Friday Night Food Fight - Dan McClanahan on Fstoppers


Hospitality. So...what IS it?



Ask a room full of people and you'll get a room full of answers...

"Entertaining people so they want to come back again and again"


"Feeding people excellent food"

"Hard work"

And I guess there's an element of truth there...well with the last one.

The Bible gets the word from the Greek language. This is because the places where it's written in the Bible, were originally written in Greek, and then translated, many years later, into other languages like English.

The Greek word is Xenia and it literally means "To Love Strangers"

The Bible is littered with hospitality (much like my living room is with socks at the end of the day). 

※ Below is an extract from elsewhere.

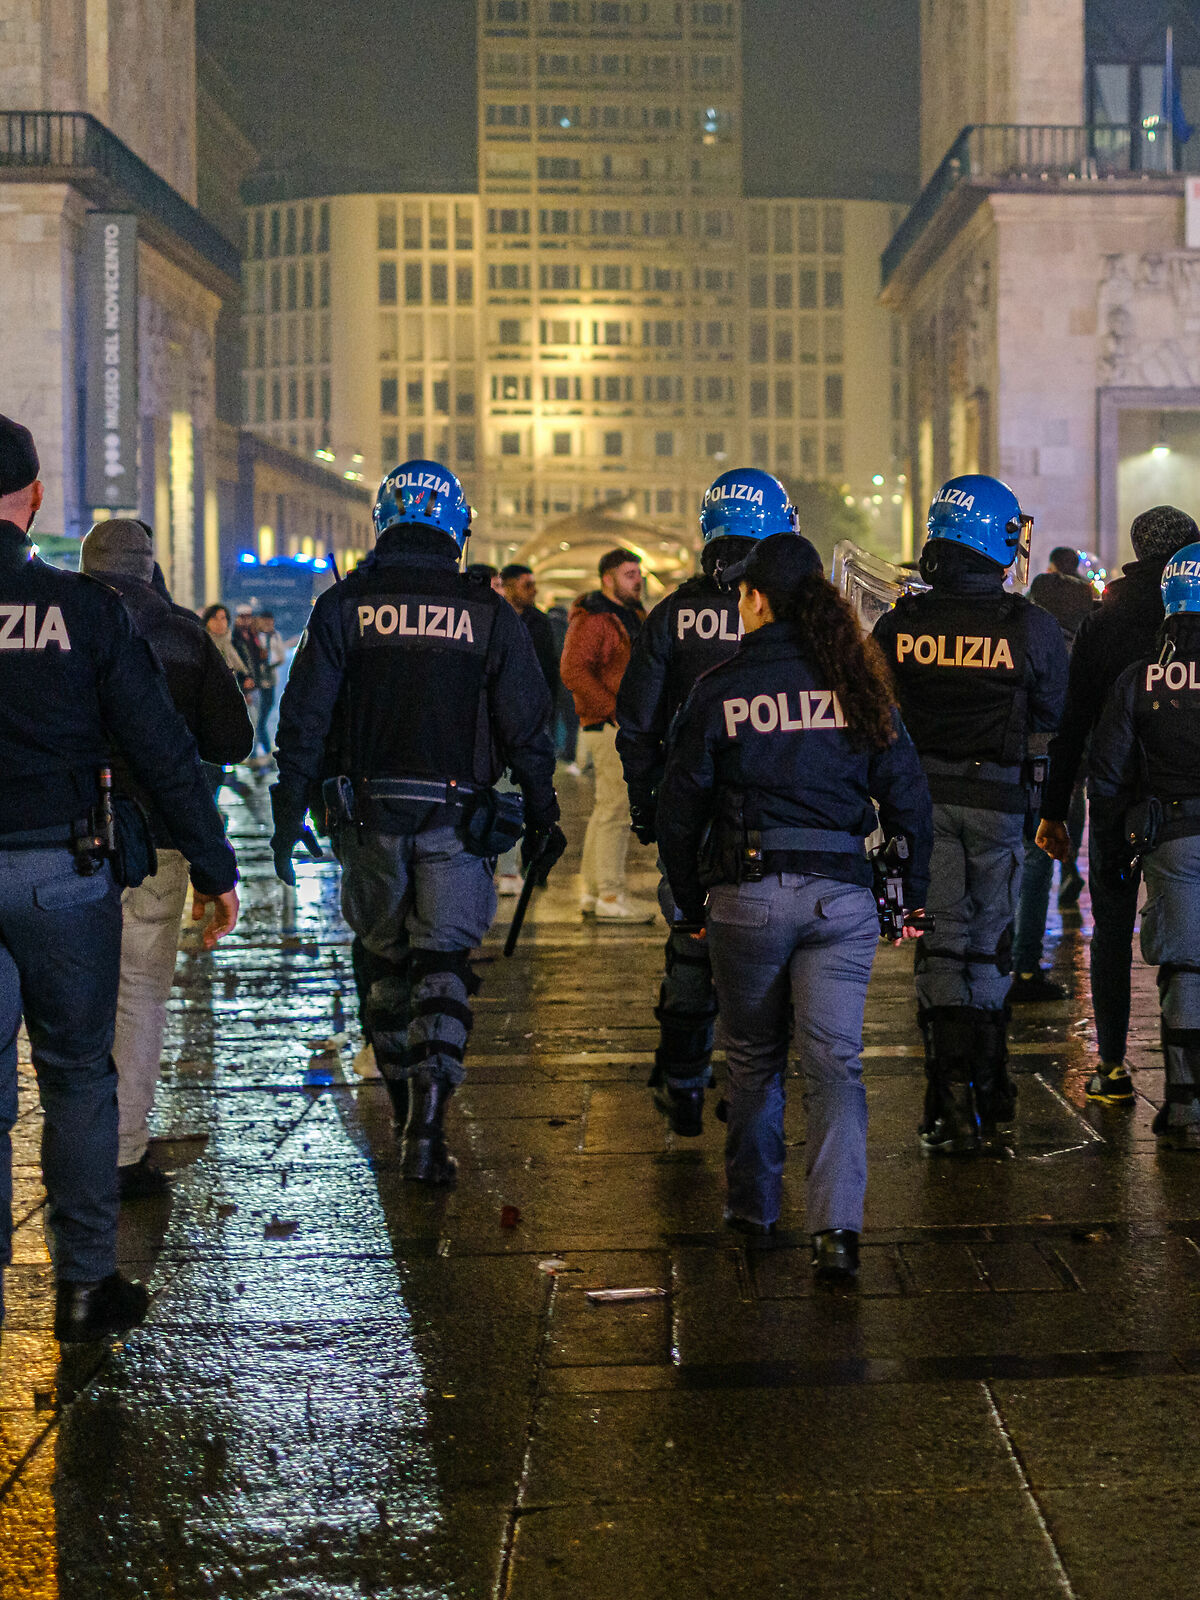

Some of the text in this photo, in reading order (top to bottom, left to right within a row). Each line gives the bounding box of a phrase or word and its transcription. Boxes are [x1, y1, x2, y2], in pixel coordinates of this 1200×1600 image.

The Old Testament doesn't have the Greek word (mainly cos that bit was written in another language again - Hebrew) but it does have A LOT of examples of people actually doing hospitality.

The New Testament actually gives it the name we know and dread, and the instruction to do it.

So what about welcoming those strange people?

I feel we can break this down into 2 types of people;

Firstly, actual strangers:

People we have never met. Or who we have just met. And we invite them into our home and show them love by welcoming them into our family. They may be Christians, they may not be.

Now this is hard. And risky.

So many times when I've talked to people about this, the response has been "But what if they rob you?" or "What if they hurt your children?". These are valid points. And so when we welcome total strangers into our home, we do treat them a little differently to people we've known all our lives.

We're not asking them to move in with us, we're asking them to have a cuppa.

We don't leave them alone with our kids.

We don't really leave them alone (I mean they can pee alone, but that's about it)

And we don't have anything to steal. We do keep our wallets and handbags (mine not the husbands) out of sight, but that's something we do all the time, we don't run around hiding the valuables before strangers cross the threshold.

Secondly, people who would be strangers if it weren't for the gospel:

These people are our brothers and sisters in Christ. People we know and love and are our Christian family. They are strangers to us in the sense that we have no earthly obligation to them. We don't HAVE to have them round by the worlds standards. They don't come over because we have SOOOOOOO much in common it's like we were separated at birth. We have them over cos, despite the fact they may be a bit odd, we are now adopted into the same family. There is a unique gospel bond stronger than any blood bond or personality traits.

This is also hard. And risky. But for different reasons than the ones above. We have to face these people again and again. And they know all our failures and pitfalls.

Much of what I said above still stands...

Our wallets and handbags are already kept away.

And we still don't have anything to steal.

But we might ask them to babysit (I mean not when we've just invited them over for tea...)

And we may ask them to move in with us.

In either category practising hospitality is loving strangers. Put another way, its bringing people who are not your family, into your family. Whoever they are.